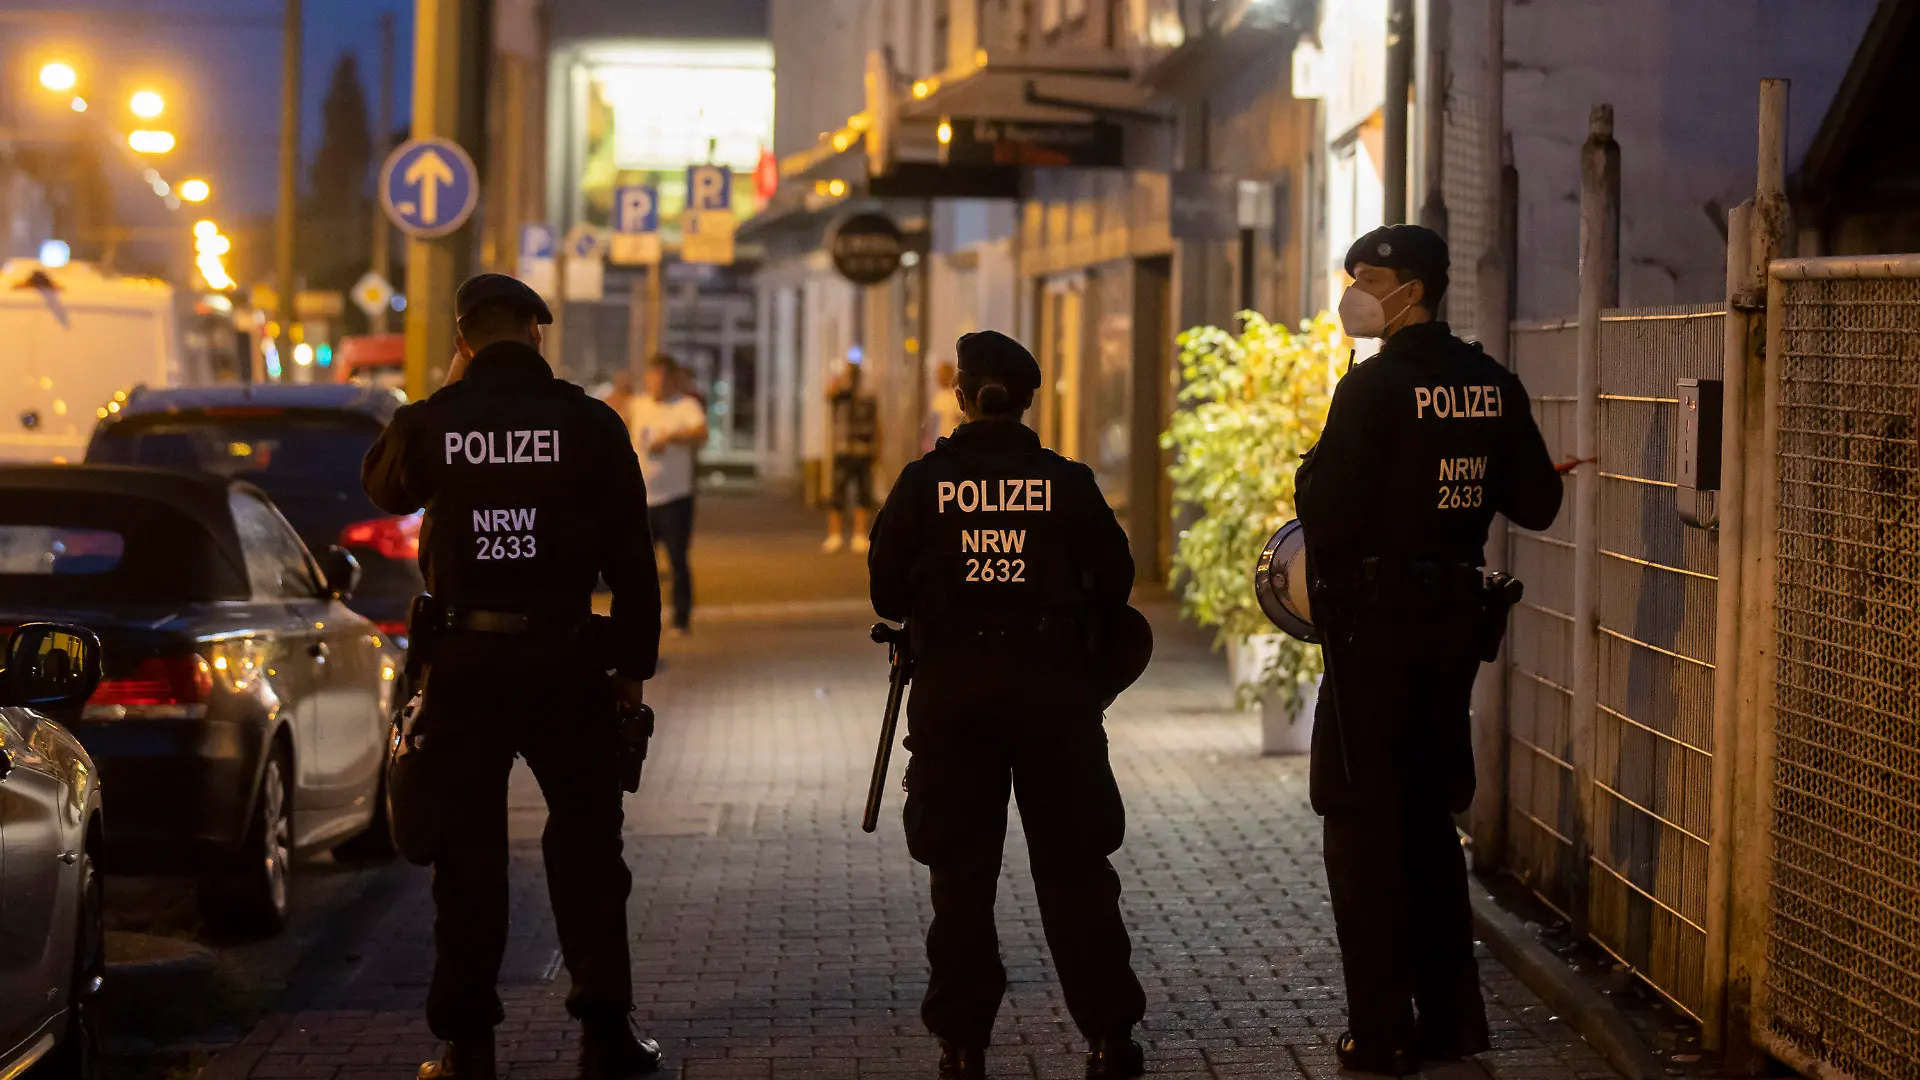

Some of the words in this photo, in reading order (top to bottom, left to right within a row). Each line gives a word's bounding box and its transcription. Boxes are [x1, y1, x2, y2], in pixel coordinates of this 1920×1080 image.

[693, 166, 723, 208] P
[621, 188, 651, 232] P
[1415, 386, 1502, 418] POLIZEI
[445, 430, 560, 464] POLIZEI
[1439, 457, 1487, 481] NRW
[938, 479, 1052, 513] POLIZEI
[1438, 485, 1483, 509] 2633
[473, 508, 537, 532] NRW
[476, 535, 537, 560] 2633
[961, 529, 1026, 553] NRW
[965, 558, 1026, 582] 2632
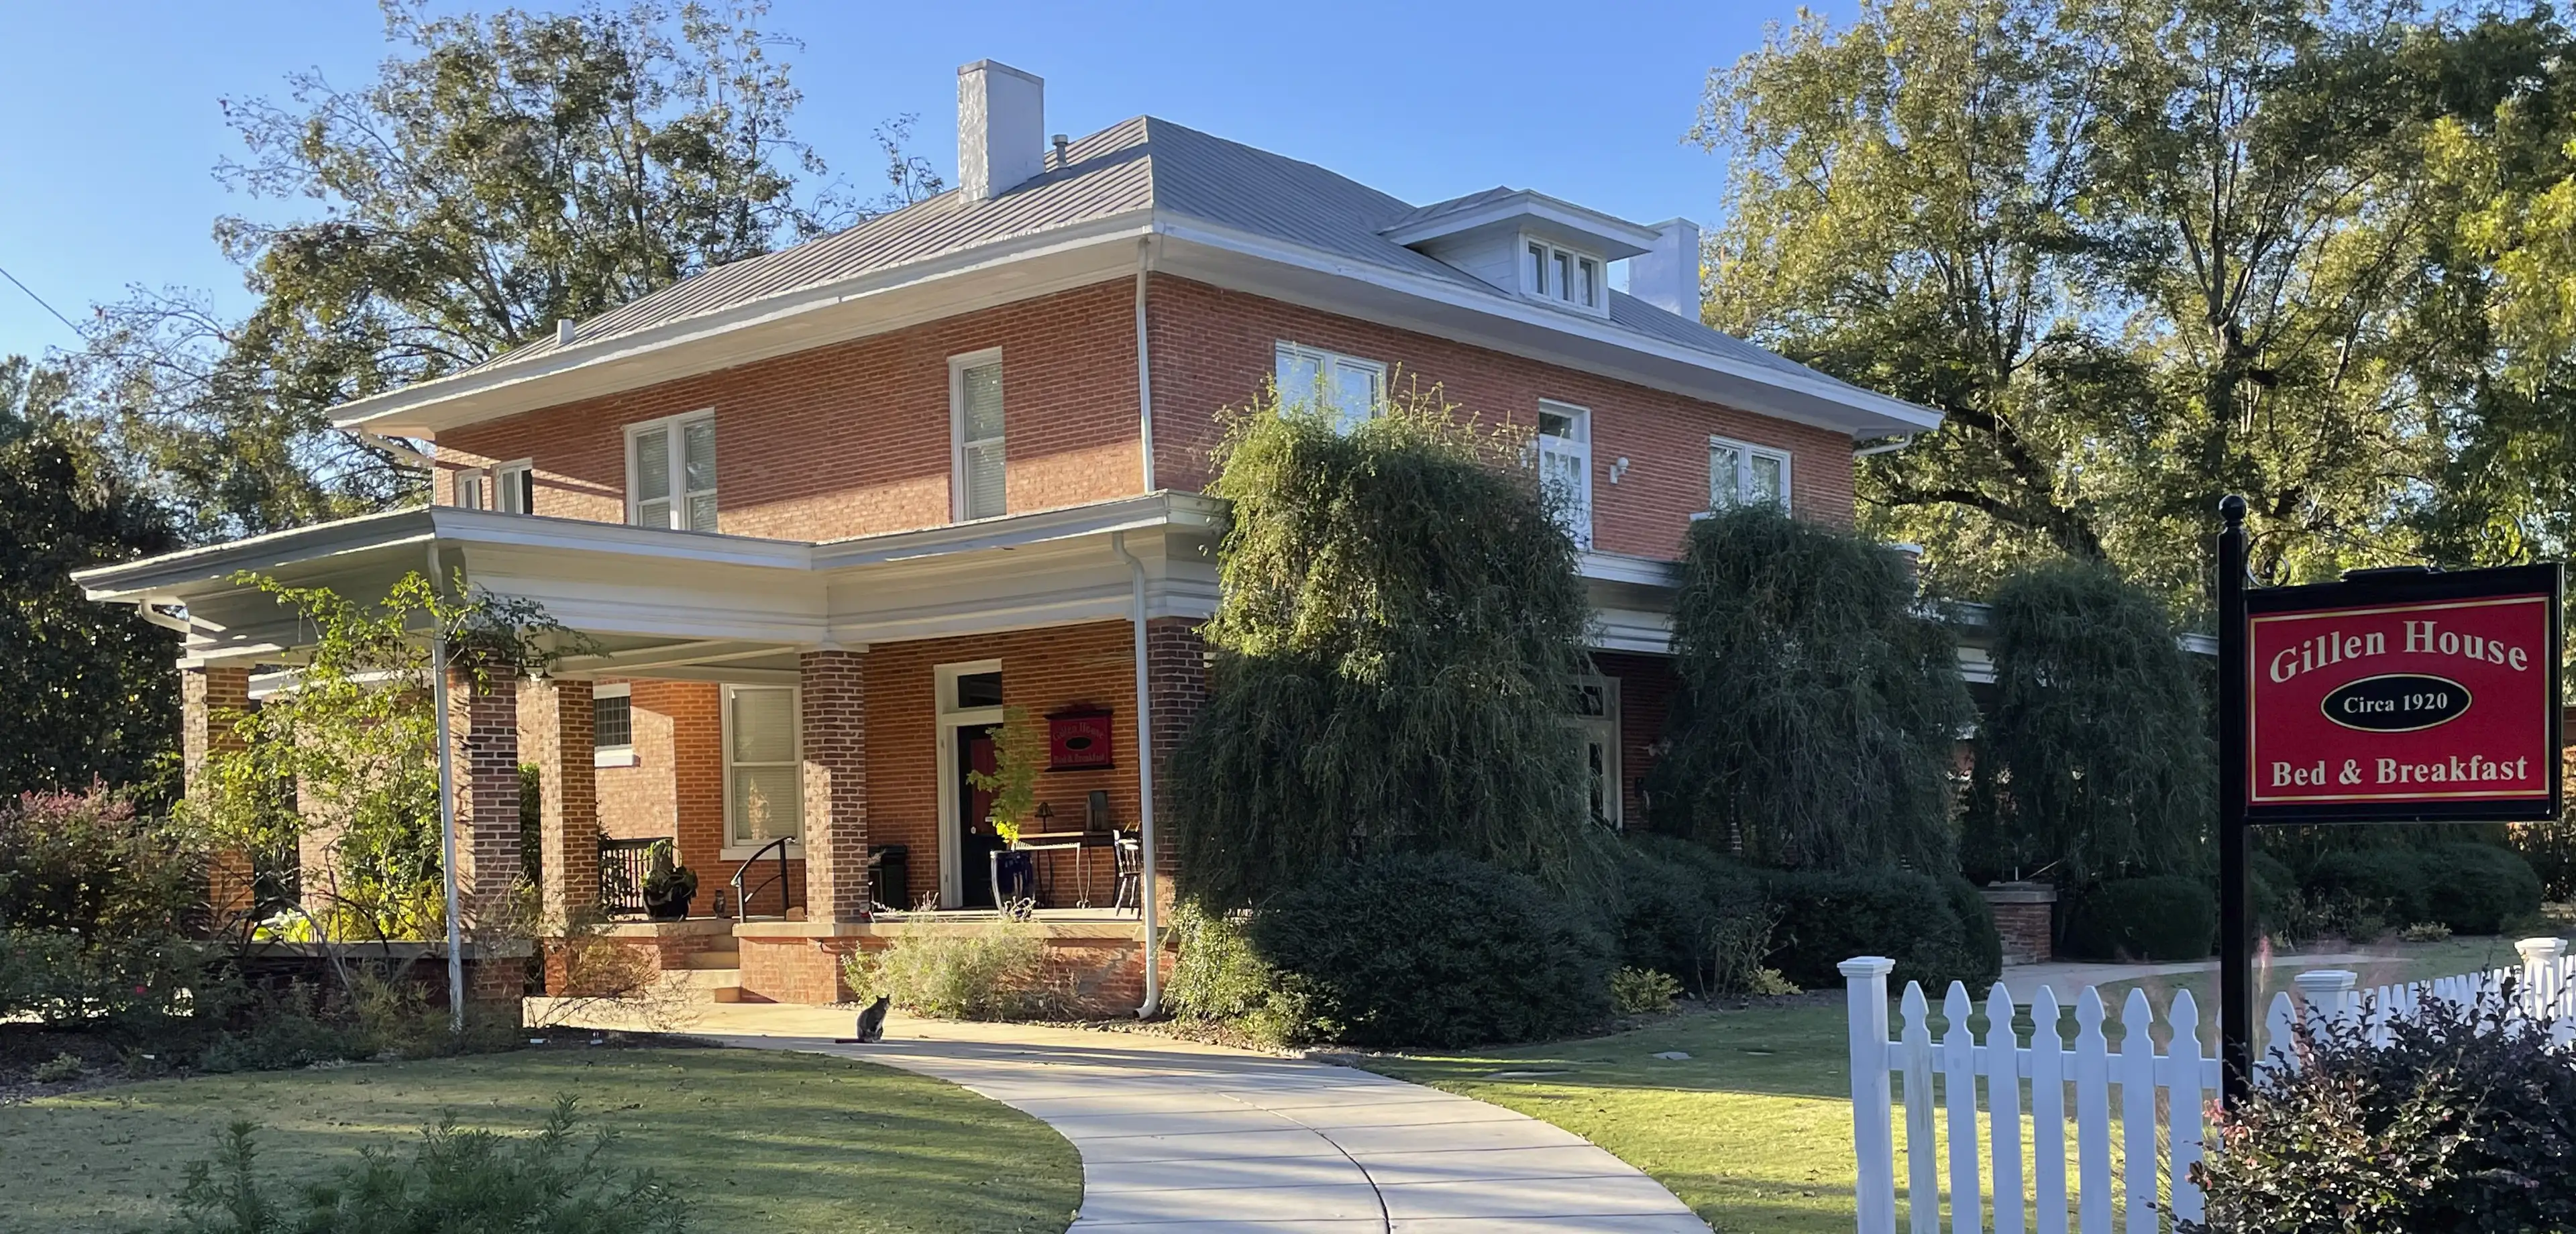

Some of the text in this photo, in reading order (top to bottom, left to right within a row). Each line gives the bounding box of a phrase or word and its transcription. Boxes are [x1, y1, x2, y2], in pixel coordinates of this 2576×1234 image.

[2269, 620, 2528, 683] Gillen House
[2344, 692, 2448, 713] Circa 1920
[2271, 754, 2528, 787] Bed & Breakfast

__Exercise brief__
Everything from the line with "Some of the text" through the last line of the material above should be echoed exactly, and nothing else.

__Task output__
Some of the text in this photo, in reading order (top to bottom, left to right within a row). Each line gives the bounding box of a phrase or word and its transcription. Boxes are [x1, y1, x2, y2], in pixel coordinates of this 2576×1234 image.

[2269, 620, 2528, 683] Gillen House
[2344, 692, 2448, 713] Circa 1920
[2271, 754, 2528, 787] Bed & Breakfast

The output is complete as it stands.